With the ridiculous number of entry-level contracts this team will still have for the next two years, it's not going to be difficult to pay a player like Hamhuis his money if he is useful as a mentor for the young guys.  If he'd ever sign a two-year deal, it would be perfectly timed to get him off the books just as the Sedins are likely coming off as well and the young players are starting to get bigger salaries.

But someone will offer him more term, and that's what Vancouver shouldn't do.  It's the reason that Lucic is a landmine I'll be glad to see re-sign in L.A. as well--he'd be good for three years, but an anchor in the longer contract he'll demand.

I like Hamhuis.  If guys like Pedan and Tryamkin are going to stick, and Sbisa plays with fewer brain freezes, they have the size they need to allow Hutton and Tanev to provide the skill, while Edler sort of does a bit of both.  Hamhuis isn't really necessary if the young guys develop and there aren't a rash of injuries.  Management has rewarded Biega with a contract, and he's looked fine--but the small fast d-man role may eventually be filled by Subban.  

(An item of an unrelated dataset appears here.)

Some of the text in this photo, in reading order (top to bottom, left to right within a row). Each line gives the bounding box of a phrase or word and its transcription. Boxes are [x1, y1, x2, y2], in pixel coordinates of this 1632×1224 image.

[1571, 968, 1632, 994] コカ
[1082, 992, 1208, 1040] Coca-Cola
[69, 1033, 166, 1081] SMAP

Lidster can teach the position, but watching what Hamhuis does on the ice, if he doesn't get too slow as his body shows evidence of the miles, is valuable to all the defense prospects.  Realistically, he's not a top two guy any more, but the Canucks top pairing will probably be some combo of Tanev, Hutton and Edler next year anyway.

But if he's looking for a payday, well, Edmonton needs mentors more than anybody in the league.